The US Food and Drug Administration (FDA) has approved the first home test to examine cervical cancer, Teal its maker health He said on Friday, he provides a substitute for the tactics tests that should be performed in the doctor’s office.

Cervical tactics tests greatly reduced cancer when it was first provided 80 years ago. But it can be uncomfortable and uncomfortable due to the examination requirements in my words.

Teal Health said that the FDA decision is based on a study in more than 600 women that have been self -collected samples using their test with the same performance that was collected in the collected samples.

The Approval is “Not Just About An Innovative New Product, It’s About Finally Giveing ​​Women An Option that Makes Sense for thems Lives, Something that can be done Quickly and Comfortable At Home ”, Said Teal’s Co-Founder and Chief Executive, Kara EGAN.

Every year in the United States, about 11,500 new cases of cervical cancer are diagnosed and about 4,000 women die from the disease, according to the Centers for Disease Control and Prevention (CDC).

The startup company, the wild duck stick, and the HPV (HPV), is responsible for almost all cervical cancers, similar to the Roche’s Cobas HPV test.
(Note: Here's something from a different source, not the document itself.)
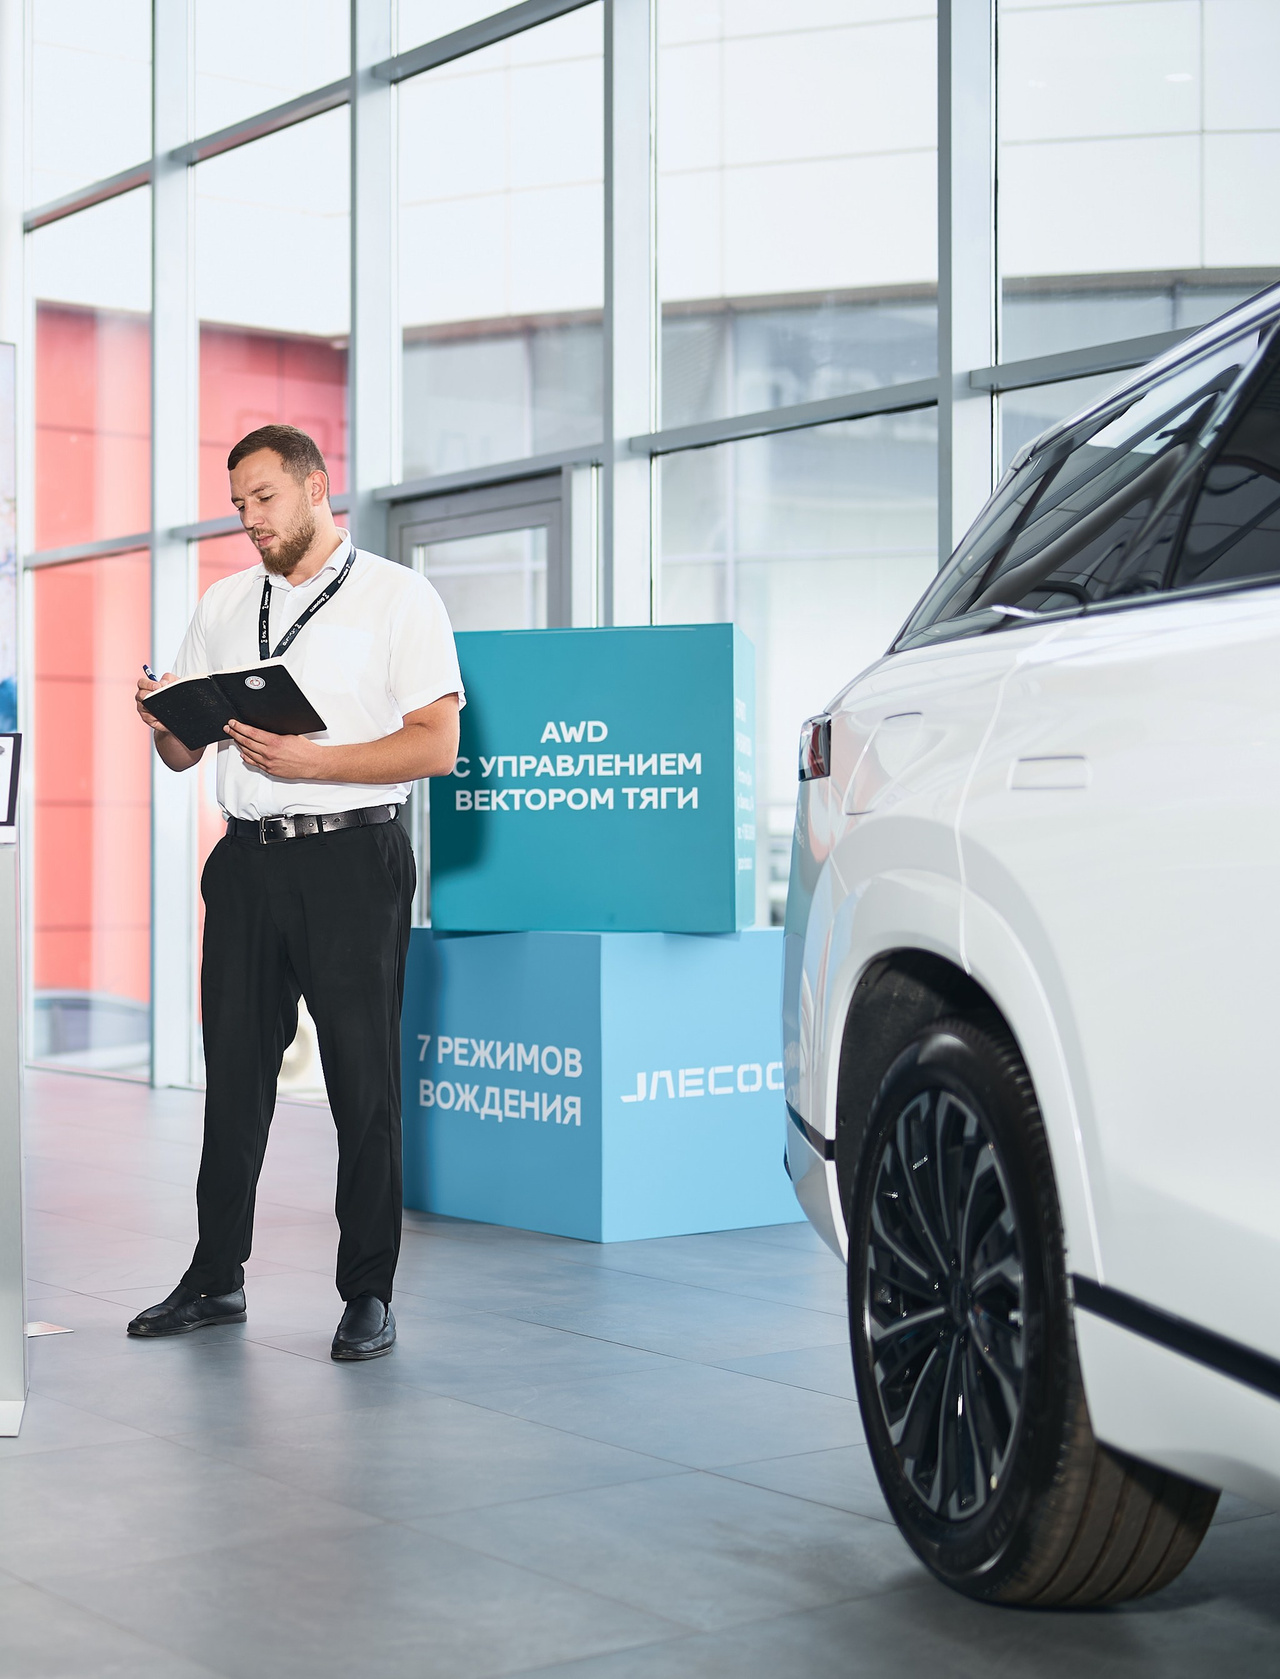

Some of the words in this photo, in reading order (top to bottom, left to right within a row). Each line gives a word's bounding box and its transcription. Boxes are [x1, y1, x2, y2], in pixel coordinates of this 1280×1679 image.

But Teal Wand allows women to collect samples from the home and send them to a test certified laboratory, while the Roch test is approved for use in the clinic.

Teal Health did not reveal the test price, but she said she was working with the main insurance providers for coverage and flexible payment options.

Igan referred to another test at home called Colollow, which was created by fine sciences, to detect colon cancer.

“Cologne [is] Fully covered with most insurance, but also, if you have to pay the pocket, this is about $ 600. “We are planning to be less,” she told Reuters.

Teal Health plans to start offering groups in June for patients between the ages of 25 and 65.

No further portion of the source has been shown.